■ INPUT:
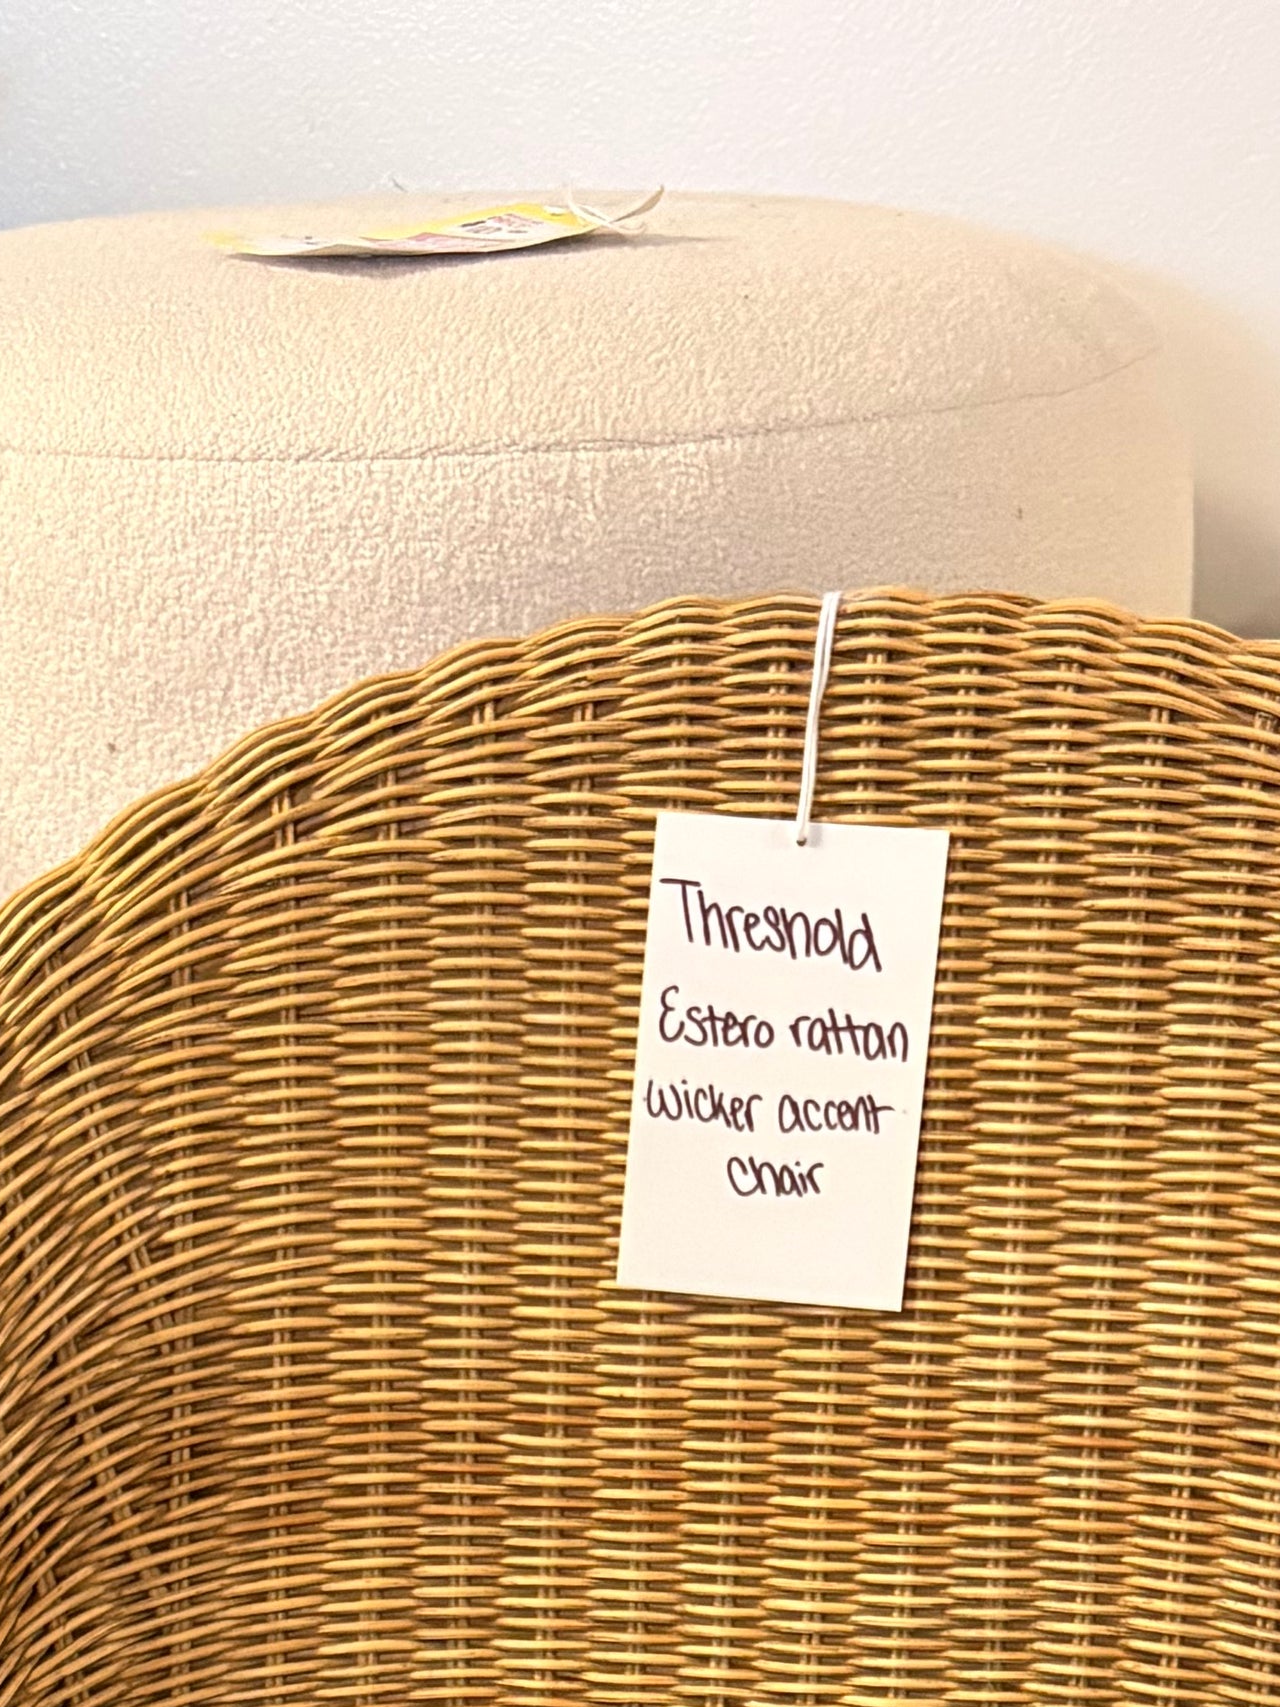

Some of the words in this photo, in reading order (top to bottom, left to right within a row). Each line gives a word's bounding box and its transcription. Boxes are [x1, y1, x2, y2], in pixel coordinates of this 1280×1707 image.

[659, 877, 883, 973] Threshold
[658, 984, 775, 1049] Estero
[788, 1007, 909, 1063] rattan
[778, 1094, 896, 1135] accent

■ PROBLEM: Repeat, exactly and in full, all records above, but include no pictures.

■ COMPLETED EXERCISE:
Some of the words in this photo, in reading order (top to bottom, left to right within a row). Each line gives a word's bounding box and its transcription. Boxes are [x1, y1, x2, y2], in pixel coordinates of this 1280×1707 image.

[659, 877, 883, 973] Threshold
[658, 984, 775, 1049] Estero
[788, 1007, 909, 1063] rattan
[778, 1094, 896, 1135] accent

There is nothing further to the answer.